= Goal of the exercise =
Reproduce the lines below exactly. Skip images.
╭─ Excerpted data
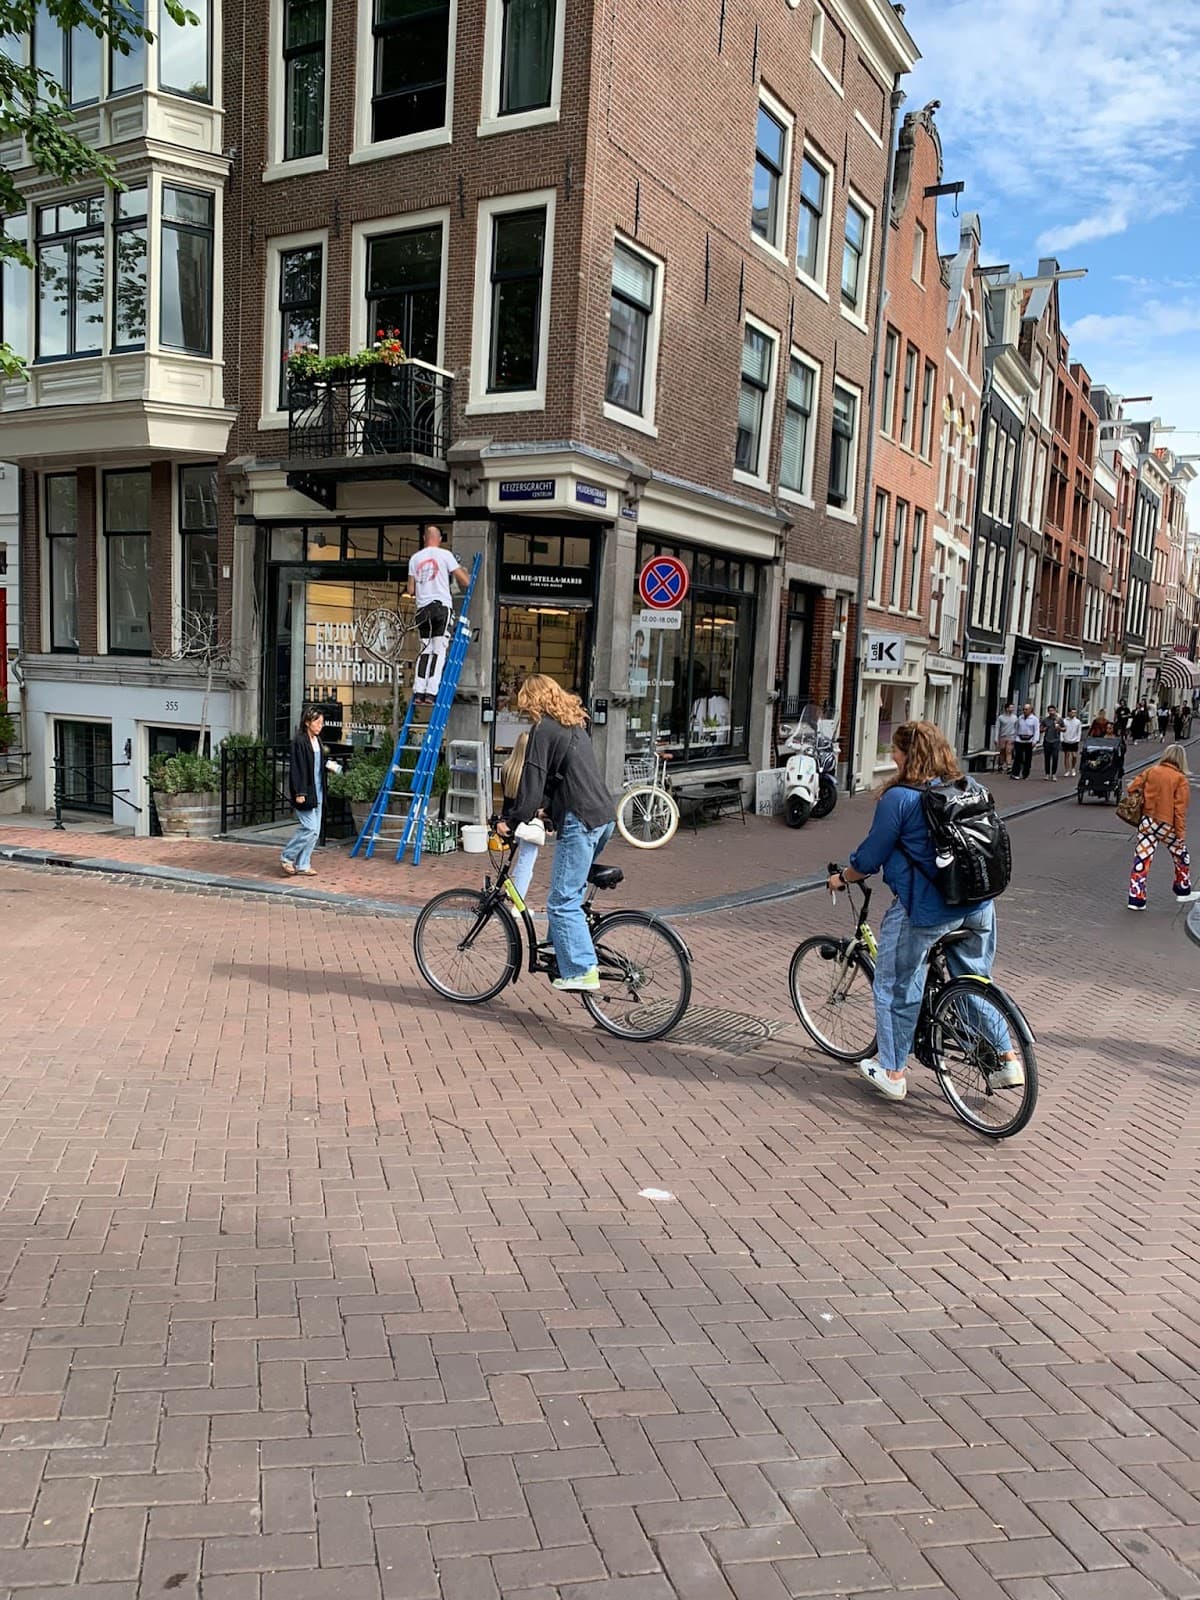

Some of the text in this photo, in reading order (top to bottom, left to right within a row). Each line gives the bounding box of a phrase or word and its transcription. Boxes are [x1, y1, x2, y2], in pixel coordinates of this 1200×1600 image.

[501, 482, 553, 492] KEIZERSGRACHT
[510, 574, 582, 585] MARIE-STELLA-MARIS
[316, 622, 357, 640] ENJOY
[316, 642, 362, 662] REFILL
[879, 642, 897, 661] K
[316, 661, 404, 684] CONTRIBUTE
[165, 700, 178, 711] 355
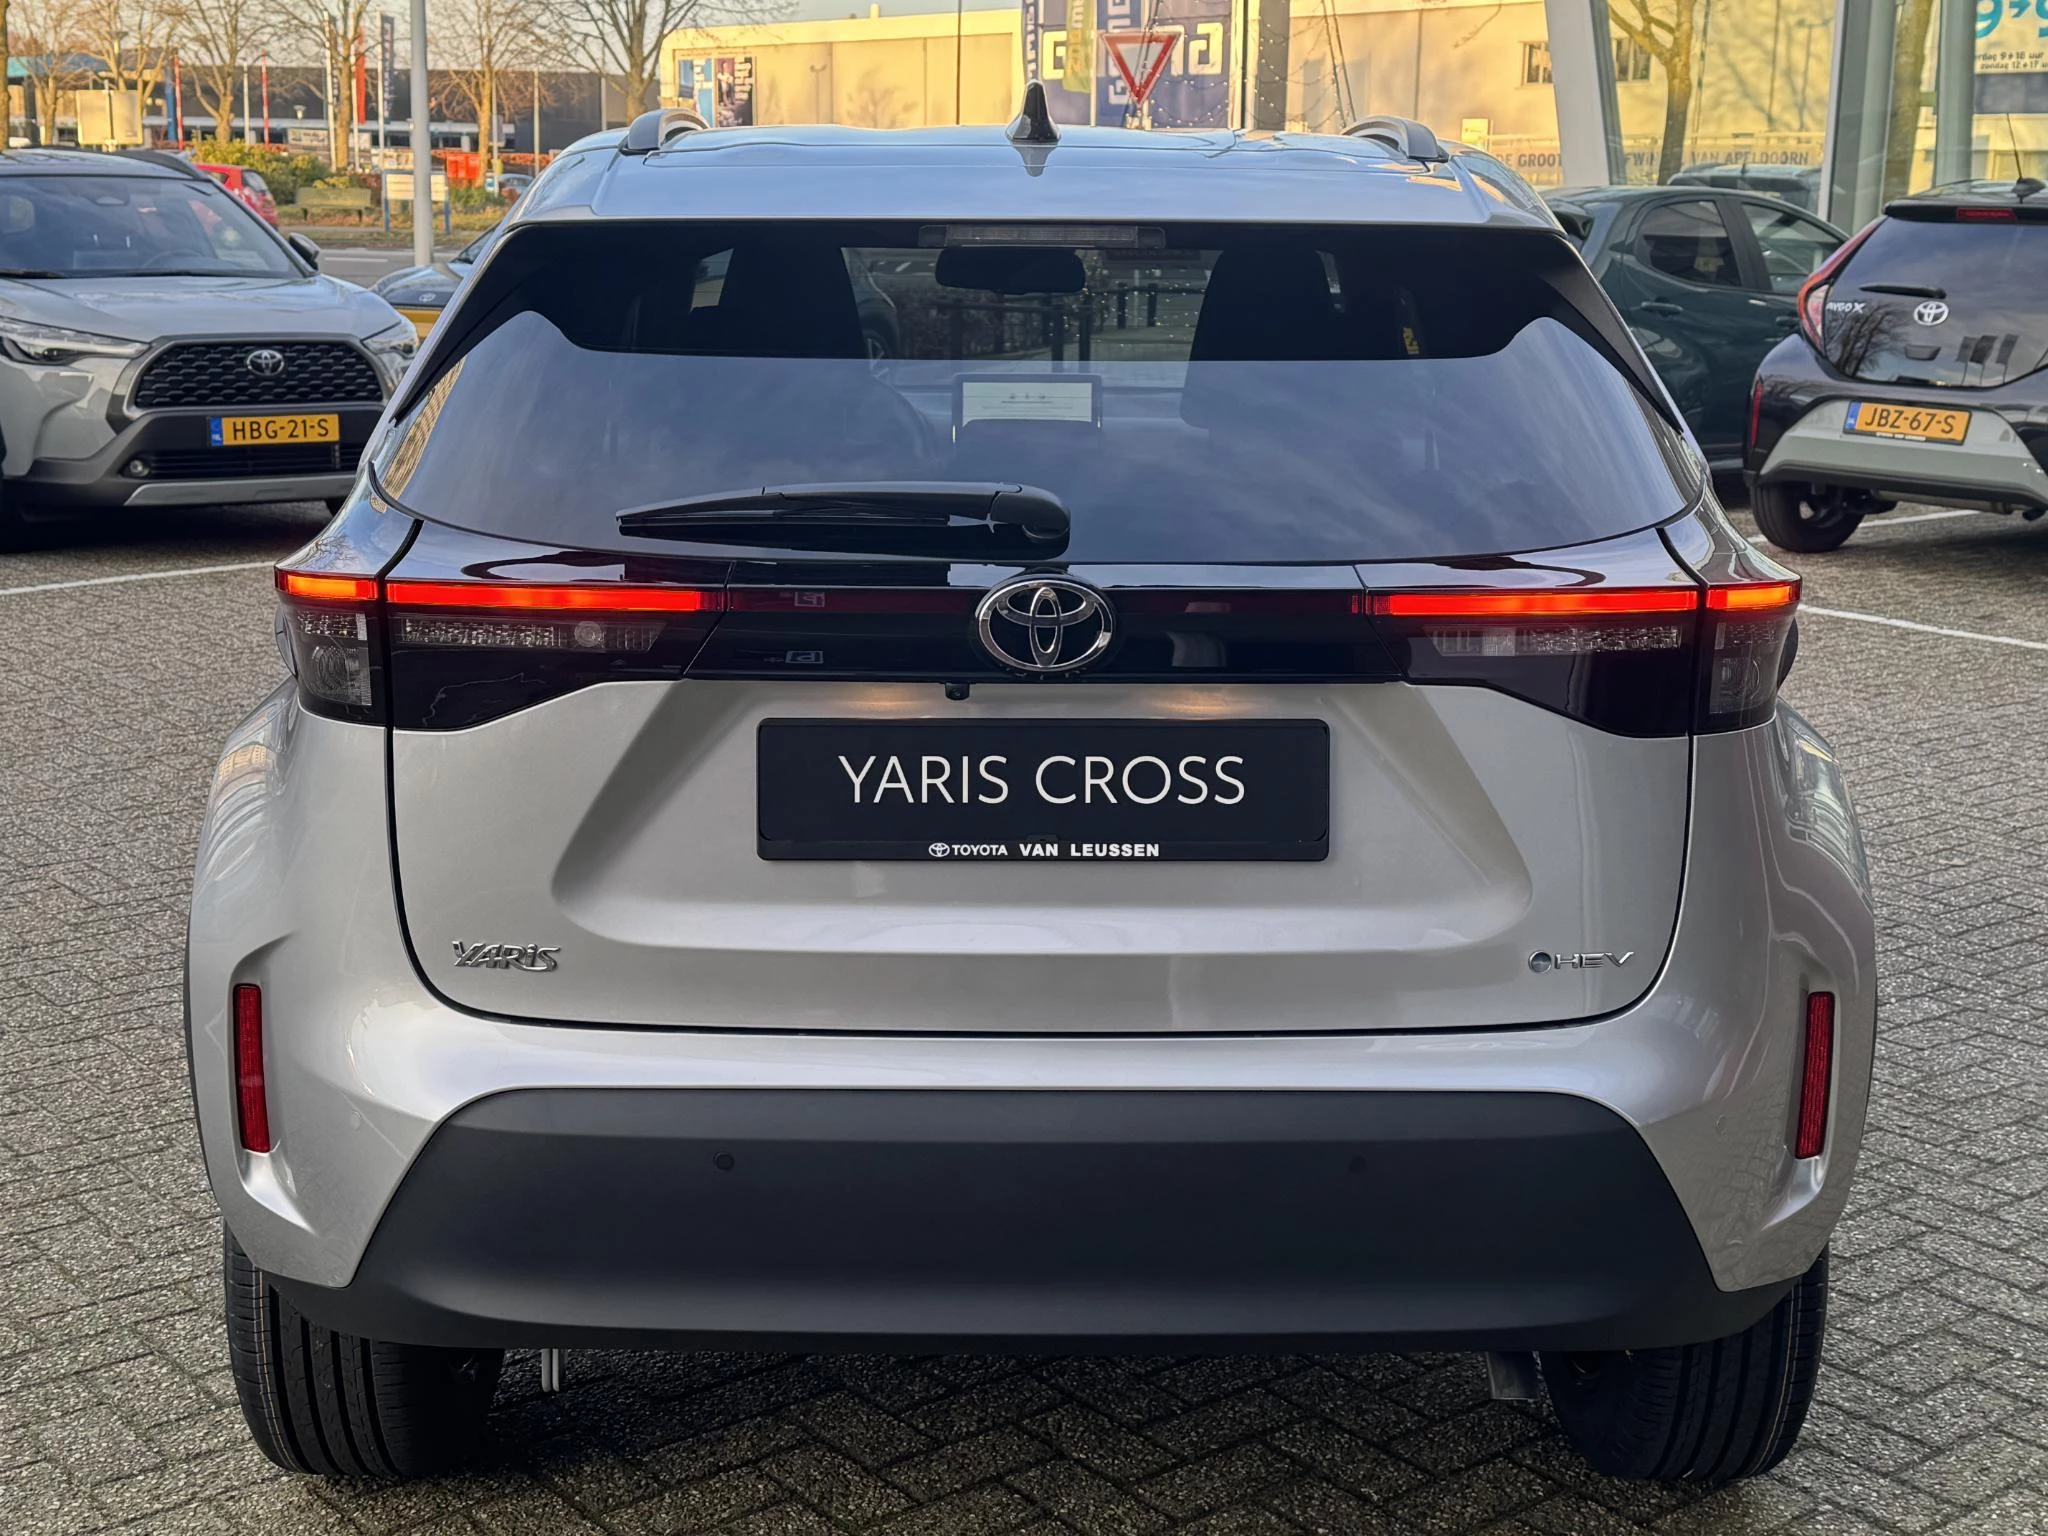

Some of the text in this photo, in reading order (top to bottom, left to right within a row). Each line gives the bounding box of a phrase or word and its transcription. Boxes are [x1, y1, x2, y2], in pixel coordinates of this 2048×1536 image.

[232, 418, 329, 441] HBG-21-S
[1864, 406, 1957, 434] JBZ-67-S
[838, 755, 1246, 805] YARIS CROSS
[951, 843, 1160, 857] TOYOTA VAN LEUSSEN
╰─
= Written solution =
Some of the text in this photo, in reading order (top to bottom, left to right within a row). Each line gives the bounding box of a phrase or word and its transcription. Boxes are [x1, y1, x2, y2], in pixel coordinates of this 1200×1600 image.

[501, 482, 553, 492] KEIZERSGRACHT
[510, 574, 582, 585] MARIE-STELLA-MARIS
[316, 622, 357, 640] ENJOY
[316, 642, 362, 662] REFILL
[879, 642, 897, 661] K
[316, 661, 404, 684] CONTRIBUTE
[165, 700, 178, 711] 355

Some of the text in this photo, in reading order (top to bottom, left to right within a row). Each line gives the bounding box of a phrase or word and its transcription. Boxes are [x1, y1, x2, y2], in pixel coordinates of this 2048×1536 image.

[232, 418, 329, 441] HBG-21-S
[1864, 406, 1957, 434] JBZ-67-S
[838, 755, 1246, 805] YARIS CROSS
[951, 843, 1160, 857] TOYOTA VAN LEUSSEN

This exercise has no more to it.